_Your objective_
Only the images are to be dropped; the records themselves must be repeated exactly.

_Provided records_
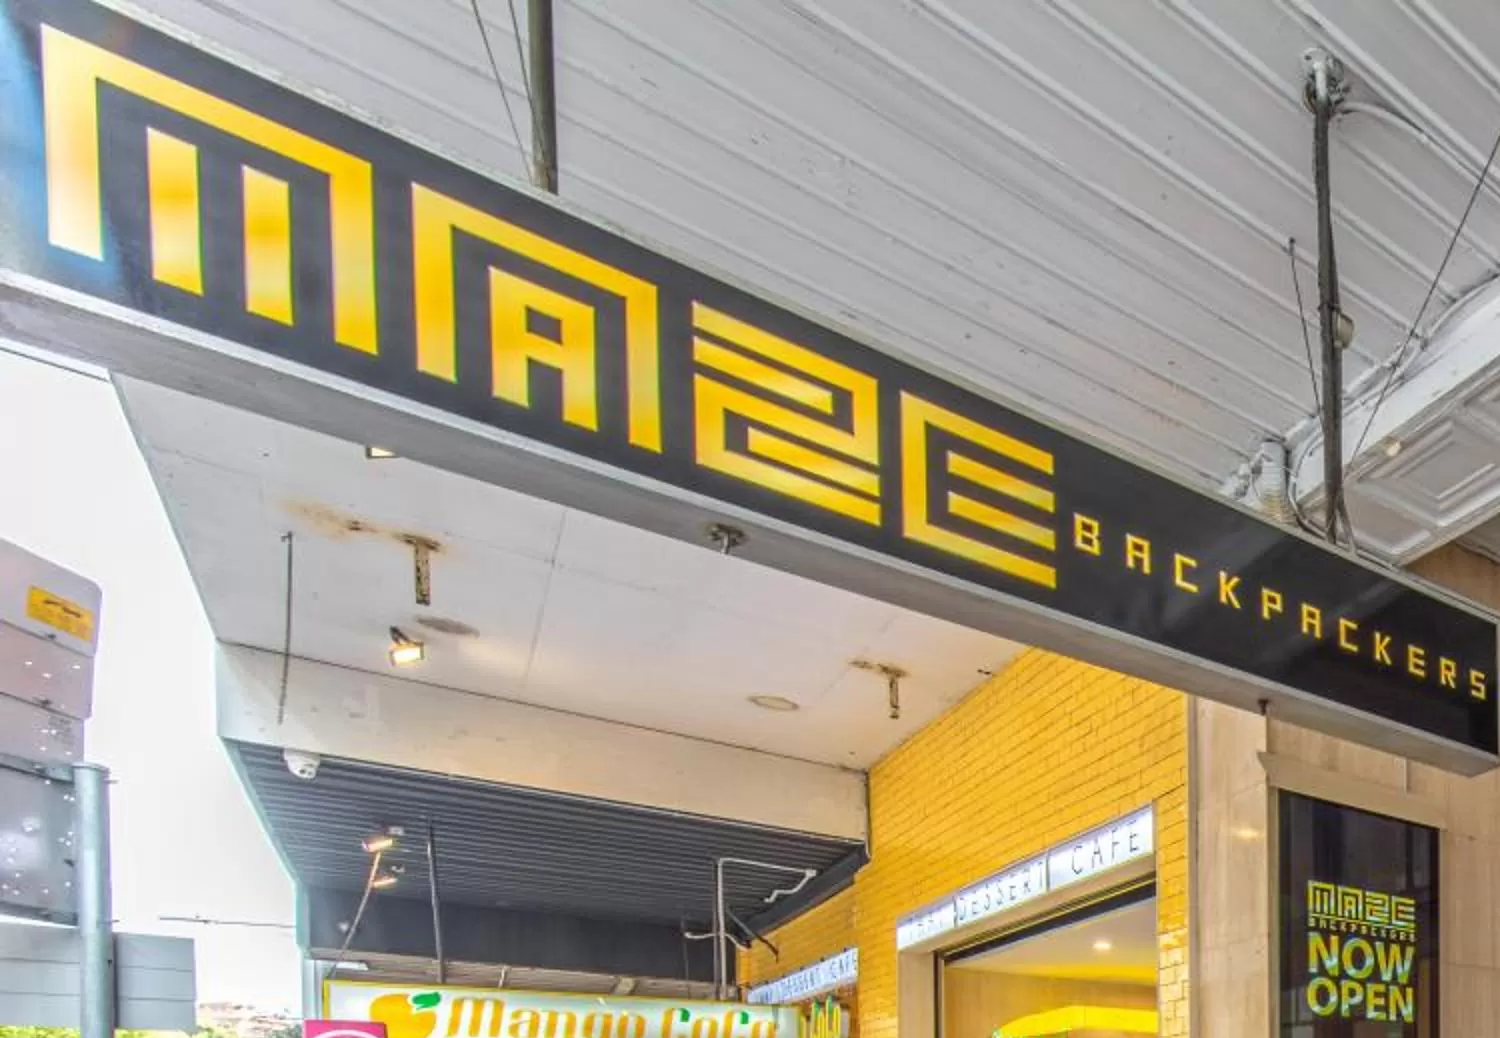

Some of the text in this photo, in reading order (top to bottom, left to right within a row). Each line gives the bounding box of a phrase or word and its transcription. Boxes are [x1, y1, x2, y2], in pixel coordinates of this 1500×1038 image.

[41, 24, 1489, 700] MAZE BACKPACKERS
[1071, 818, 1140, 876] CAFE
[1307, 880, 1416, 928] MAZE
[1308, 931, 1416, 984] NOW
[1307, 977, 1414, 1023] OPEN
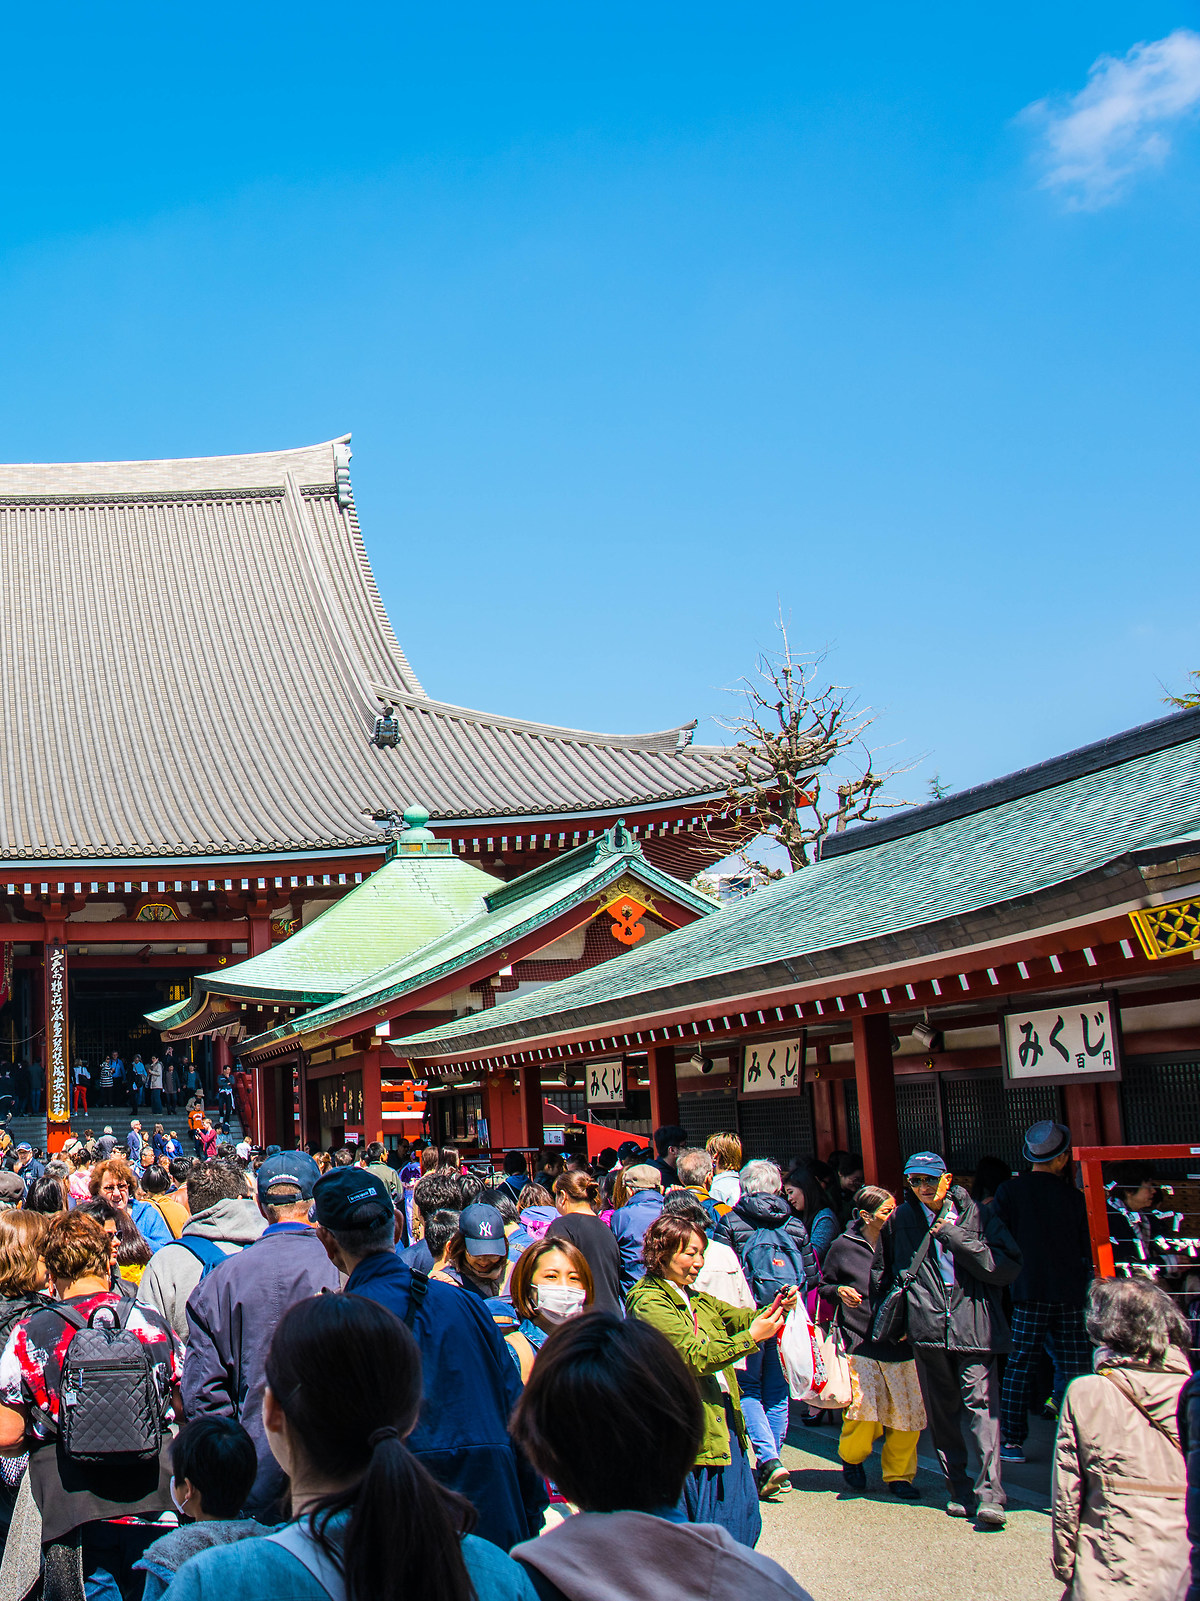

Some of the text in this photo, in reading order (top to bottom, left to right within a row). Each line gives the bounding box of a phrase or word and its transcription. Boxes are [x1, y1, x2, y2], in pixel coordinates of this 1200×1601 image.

_Solved exercise_
Some of the text in this photo, in reading order (top to bottom, left to right within a row). Each line gives the bounding box of a phrase or word and its transcription. Boxes are [x1, y1, x2, y2], in pixel coordinates of this 1500×1038 image.

[41, 24, 1489, 700] MAZE BACKPACKERS
[1071, 818, 1140, 876] CAFE
[1307, 880, 1416, 928] MAZE
[1308, 931, 1416, 984] NOW
[1307, 977, 1414, 1023] OPEN

Some of the text in this photo, in reading order (top to bottom, left to right within a row). Each line gives the bounding box of a phrase or word and its transcription. Boxes are [x1, y1, x2, y2], in pixel coordinates of this 1200×1601 image.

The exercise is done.